● **Your objective**: Without the pictures, set down every record below exactly as it reads.

Collection entries
---

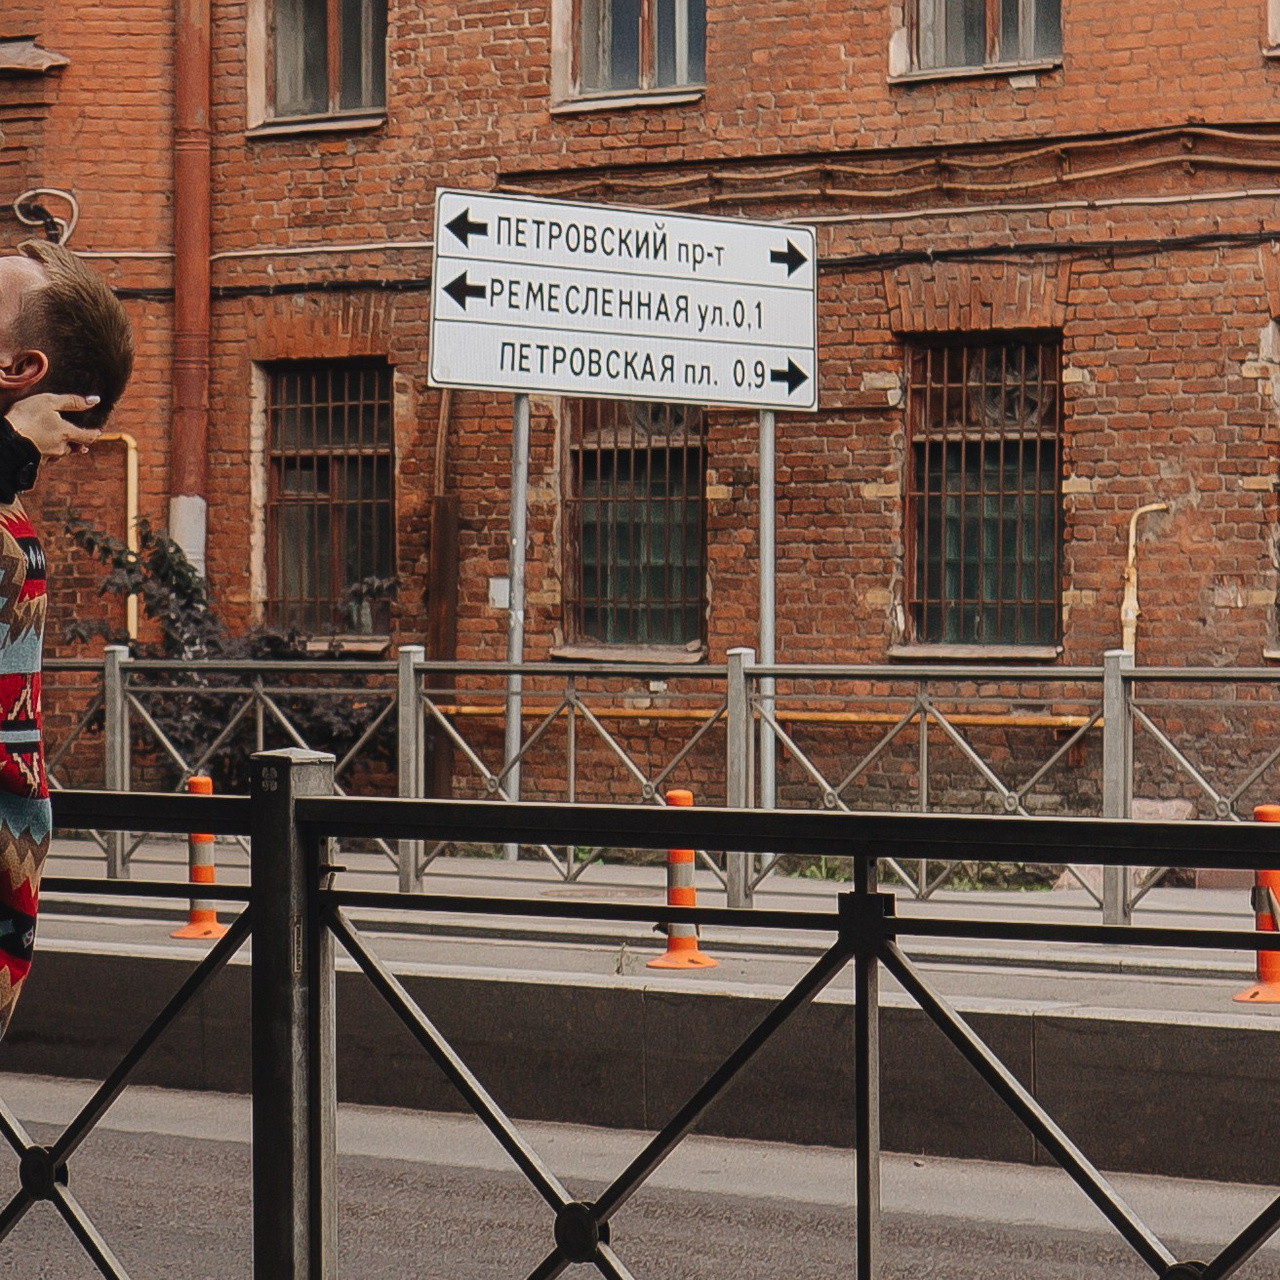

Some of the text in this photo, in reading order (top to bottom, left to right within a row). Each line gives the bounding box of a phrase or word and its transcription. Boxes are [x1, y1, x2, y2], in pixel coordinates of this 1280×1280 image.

[496, 216, 725, 272] ПЕТРОВСКИЙ пр-т
[490, 278, 690, 323] РЕМЕСЛЕННАЯ
[500, 341, 766, 389] ПЕТРОВСКАЯ пл. 0,9
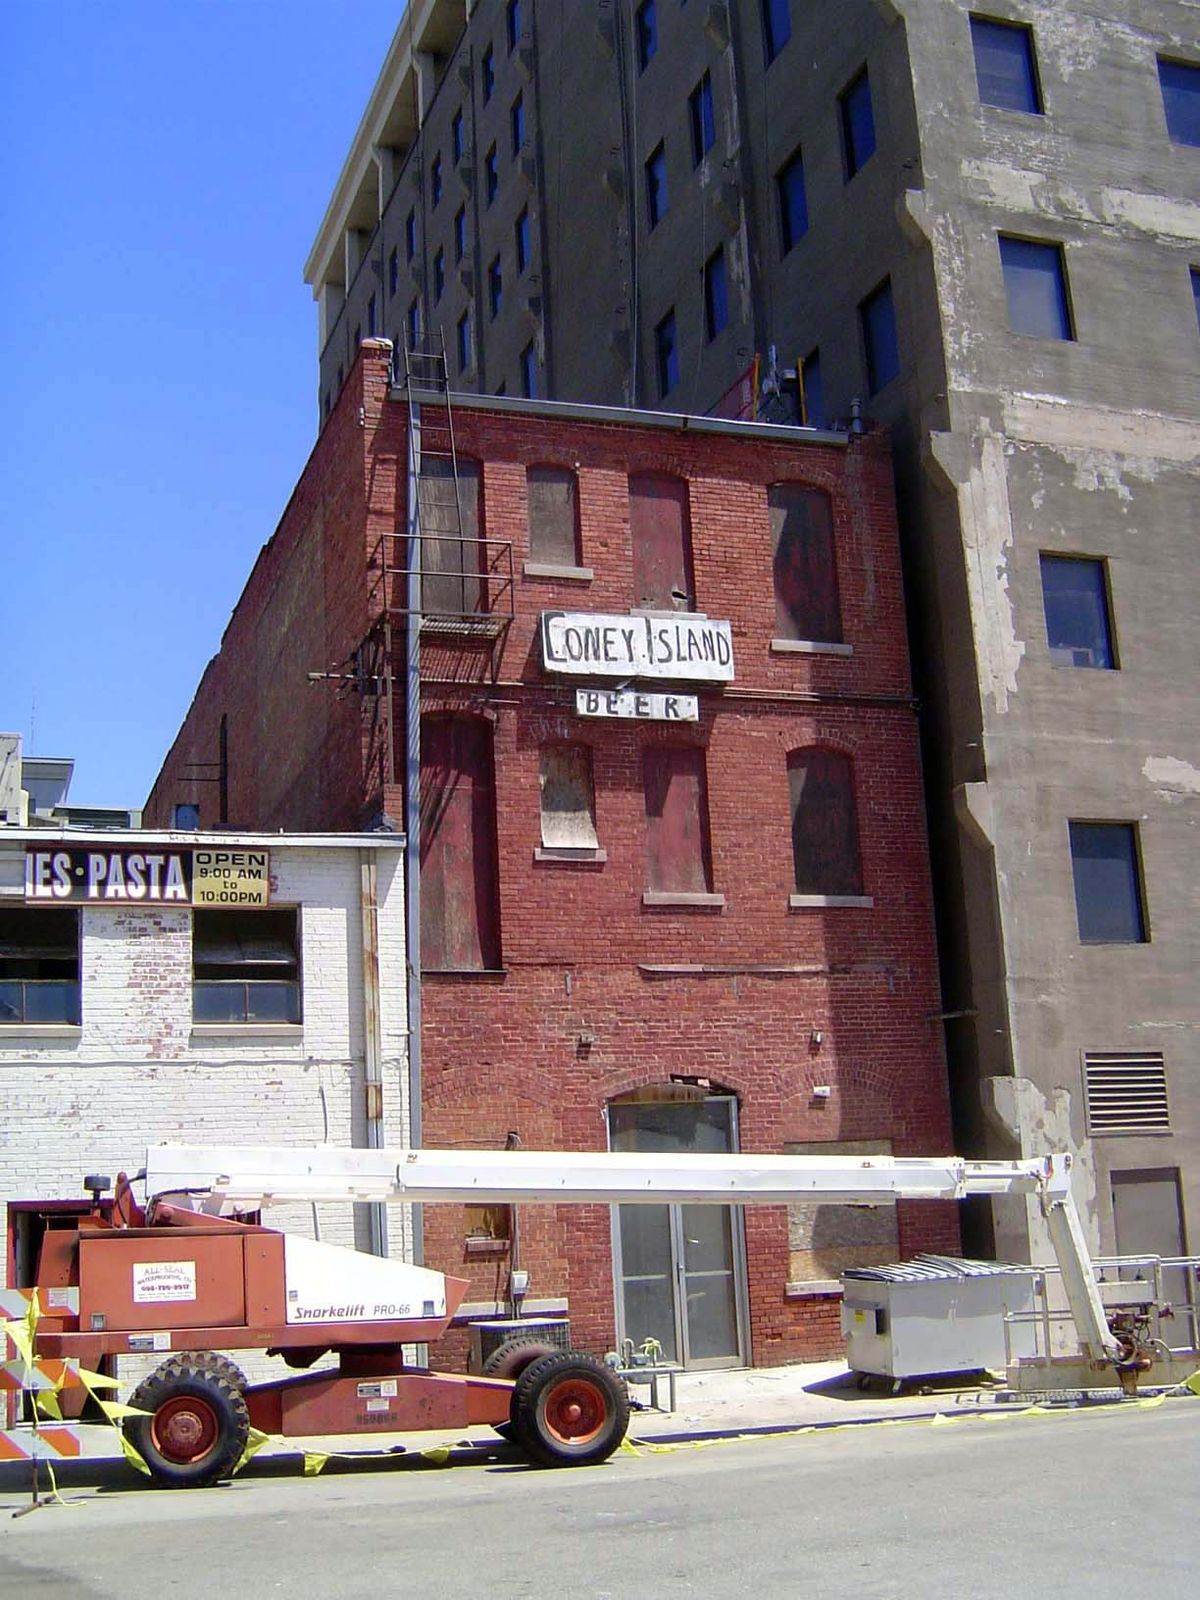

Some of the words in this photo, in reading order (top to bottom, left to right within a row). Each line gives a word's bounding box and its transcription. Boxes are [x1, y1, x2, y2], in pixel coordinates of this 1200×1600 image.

---

● **Task solution**:
Some of the text in this photo, in reading order (top to bottom, left to right within a row). Each line gives the bounding box of a phrase or word and its transcription. Boxes are [x1, y1, x2, y2], in pixel coordinates of this 1280×1280 image.

[496, 216, 725, 272] ПЕТРОВСКИЙ пр-т
[490, 278, 690, 323] РЕМЕСЛЕННАЯ
[500, 341, 766, 389] ПЕТРОВСКАЯ пл. 0,9

Some of the words in this photo, in reading order (top to bottom, left to right within a row). Each line gives a word's bounding box and its transcription. Boxes are [x1, y1, x2, y2], in pixel coordinates of this 1200×1600 image.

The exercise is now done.